@birdeliyazariz
|
Bölüm şarkısı: Hayat Bu İşte - MaNga
Yakamoz'dan
Uyku sersemi gözlerimi açtığımda yanımda ki ağırlık yoktu. Ayaz'ın nerede olduğunu bilmeden telefonuma uzandım. 07.19 sabah sabah nereye gitmişti ki? Grup mesajlarında Ayaz'la ilgili hiçbir yazı olmadığını görünce endişeyle yerimden kalktım.
Odasından onun kıyafetleri ile çıkmamın yanlış anlaşılma ihtimalini dahi düşünmeden, ilk gördüğüm çalışanlara Ayaz'ın yerini sordum. "Görmedik Yakamoz hanım." Başımı sallayarak mutfağa geçtim. Mutfakta Öykü ve Kutay sessizce menemen gömüyorlardı. Arkalarında ki enkaz korkunçtu. Yumurta kabukları bir tarafta; tavalar, malzemeler, çırpıcı da ayrı kaosun içindeydi.

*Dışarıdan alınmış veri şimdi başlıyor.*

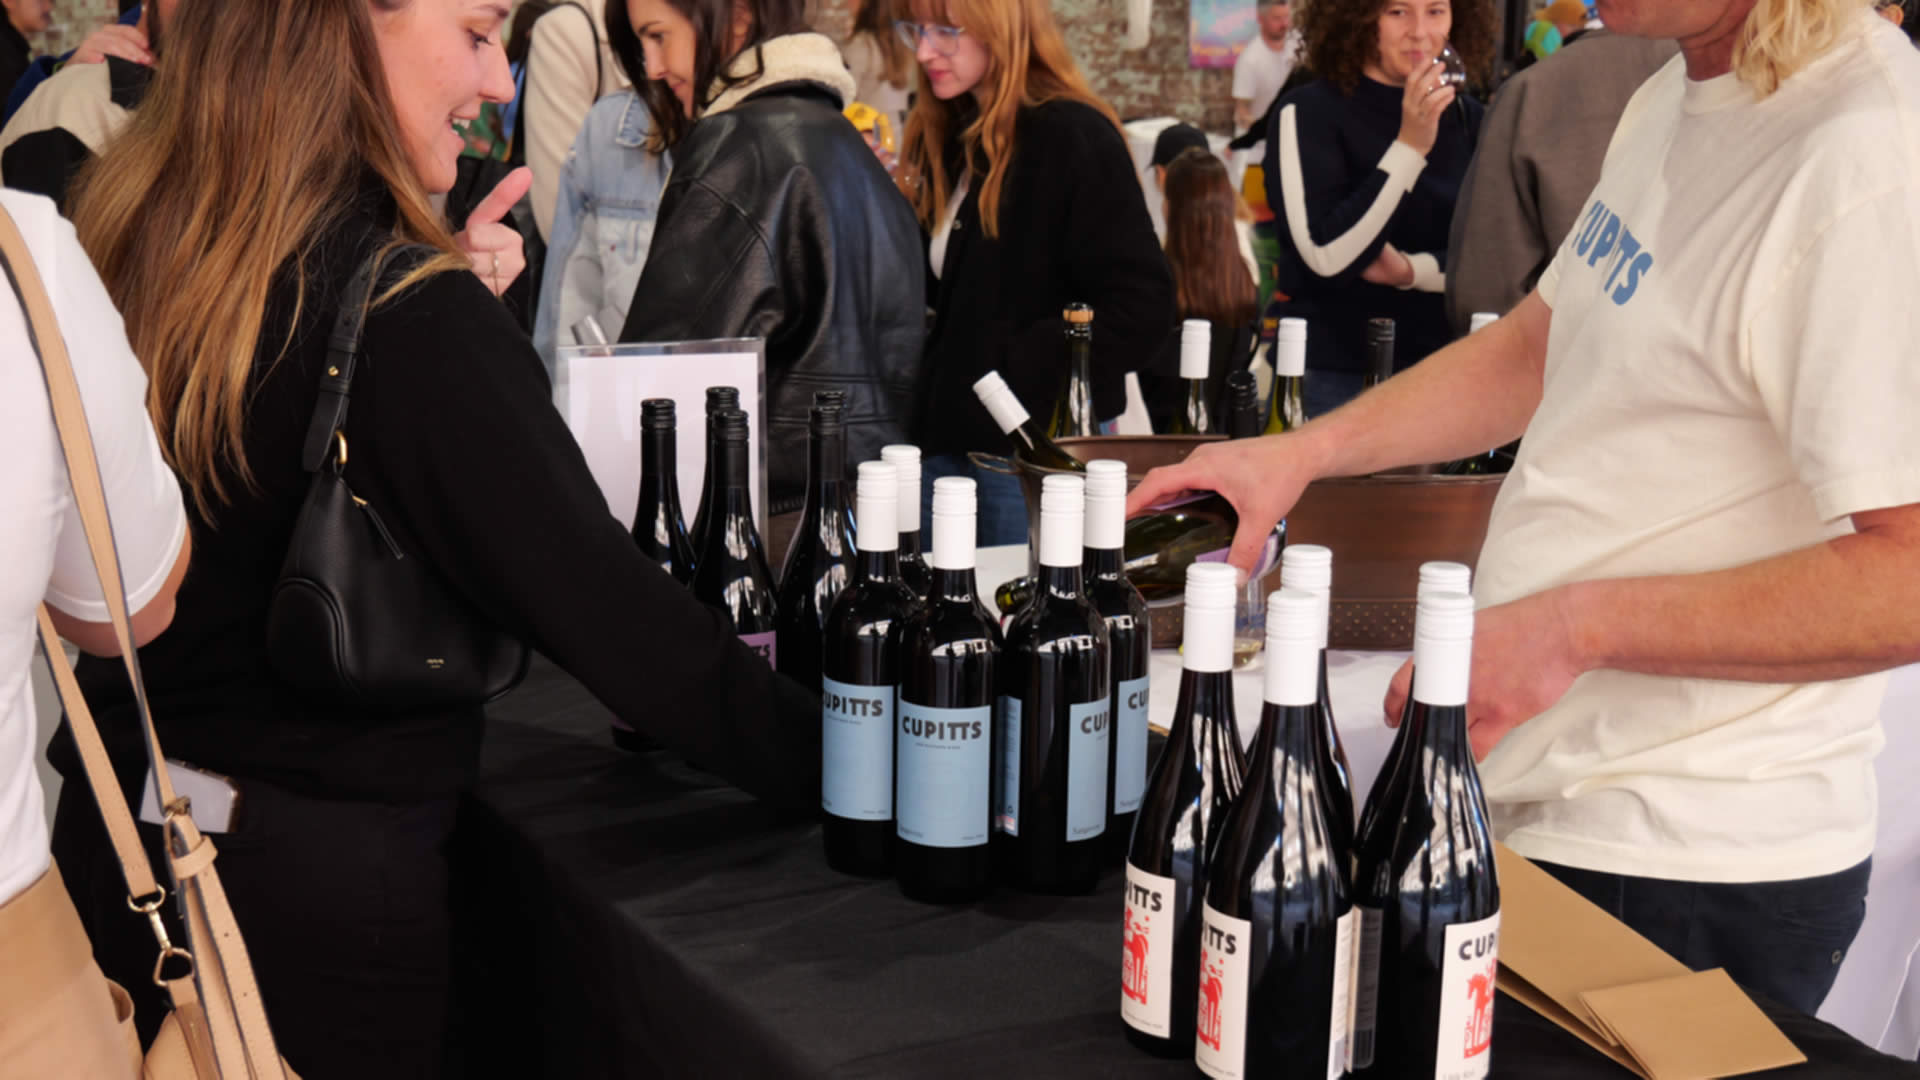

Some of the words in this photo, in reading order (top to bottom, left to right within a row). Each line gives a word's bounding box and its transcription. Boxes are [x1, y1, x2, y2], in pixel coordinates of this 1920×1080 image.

[823, 691, 883, 717] UPITTS
[902, 716, 982, 740] CUPITTS
[1123, 880, 1162, 912] ITTS
[1202, 921, 1237, 955] ITTS

"Abinizi gördünüz mü?" Sesimi duyduklarında kafalarını kaldırıp bana döndüler. Ağızları burunları menemen olmuş ellerindeki ekmeklerden yağ süzülüyordu. "Hiç görmedim. Seninle değil miydi?" Öykü de Kutay'ı destekledi. "Bende görmedim. Odada değilse Kenan abinin yanında olabilir." İkisini yemekleriyle bırakıp mutfaktan çıktım.
Dışarıdan gelen sesleri duyduğumda yönüm bahçe oldu. Soğuk esen rüzgara aldırmadan bahçeye çıktım. Neval hanım elinde büyük battaniyeyle bahçe kapısına ilerliyordu. "Neval hanım," diyerek peşine takıldım. "Ayaz'ı gördünüz mü?" Erken saatlerde ortadan kaybolması üstelik haber vermemesi beni endişelendiriyordu.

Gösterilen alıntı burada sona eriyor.